Our newest venture carried us to Go Cong Province, near the Rung Sat Special Zone. Operational security had become a major concern for us, especially when operating near Highway 4. An organized band of informants had established observation posts to signal our movements to the Viet Cong as soon as our trucks left the compound. This time, instead of going toward Highway 4, we returned to the Mekong River wharf at My Tho. There we boarded landing craft of the Vietnamese Navy’s RAG. This time armed patrol boats escorted our ragged flotilla.
The RAG chugged down river toward the mouth of the wide, muddy Mekong River, the Cuu Long or Dragon’s Mouth. At the broad river mouth silt and sludge were expelled into the South China Sea. Tides here were so strong that the waters changed direction at high tides, refusing the stream’s deposits and forcing the river back inland.
Vibration, noise, and pungent diesel fumes spewing from tired engines of the World War II landing craft made it nearly impossible to sleep. The deck was so crowded that few could find enough space to stretch out, but that didn’t stop anyone from trying. The noxious, gray cloud that wrapped around the boats made breathing the fumes unavoidable. In time a trance-like state soothed the mind and made general discomfort seem like a bad dream. Semisleeping soldiers were strewn about randomly, making it impossible to walk. The ghostly boats appeared to be an apparition ferrying a cargo of the dead through an early morning mist. I wondered whether this really was a journey of lost souls.

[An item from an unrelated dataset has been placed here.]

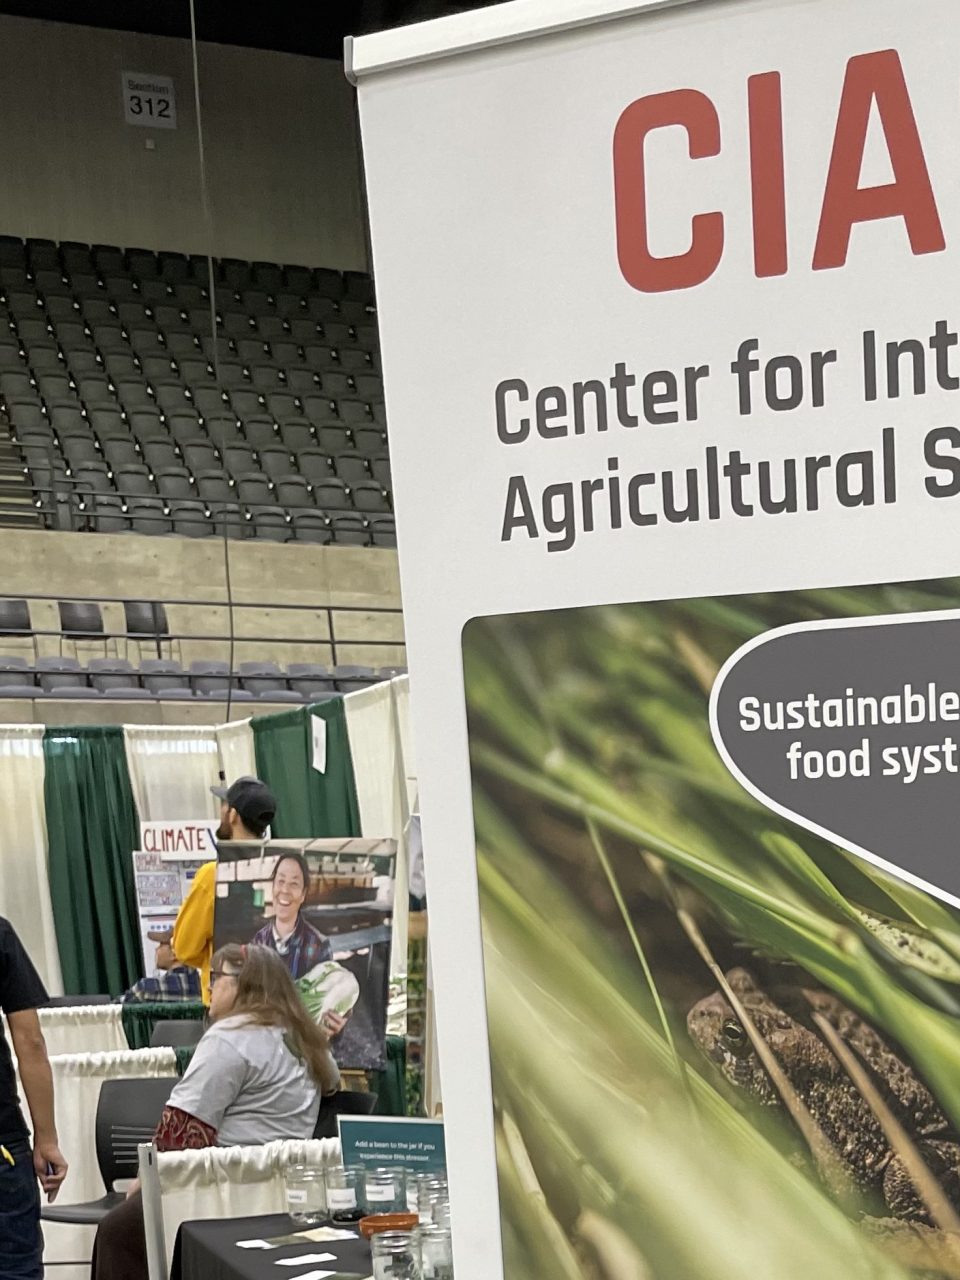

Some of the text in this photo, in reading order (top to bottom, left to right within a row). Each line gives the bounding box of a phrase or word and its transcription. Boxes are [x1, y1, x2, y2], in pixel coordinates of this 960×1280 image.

The convoy plowed down the river all night, the warriors shivering from the cold night air and dampened from the water. At dawn the mystic flotilla arrived at the river’s mouth. We chugged from the muddy water into the waves of the South China Sea, flotsam to drift ashore. I imagined we might keep going until we sailed off the edge of the Earth. Instead the flotilla plodded ahead one kilometer, then swung in a large arc back toward land. The scene before us was not a white sandy beach; it was a tangled swampland where blacks, browns, and grays prevailed in a dark, foreboding panorama.
The landing craft formed an assault line and steamed for the beach. The timing of the river ride delivered us to this place at first light and high tide. Unfortunately a sandbar snarled our plan by stopping the entire formation 500 meters from shore. The landing craft reversed engines but were unable to back off the sandbar while fully loaded. High tide had already crested, so the sea had reached its highest level: We could not float off. Engines strained, puffing diesel smoke in torrents, but we were thoroughly grounded. Our only option was to step off into the dark water at a considerable distance from shore and walk inland. Having discharged their burdens, the boats could float away.
“Take off your rucksacks, " Bobby wisely advised the Americans. “Hold them in one hand and your rifle in the other. If you lose your balance, the rucksack will go to the bottom. If you’re wearing it you’ll be inverted with your feet above you. Also unsnap your chinstraps.”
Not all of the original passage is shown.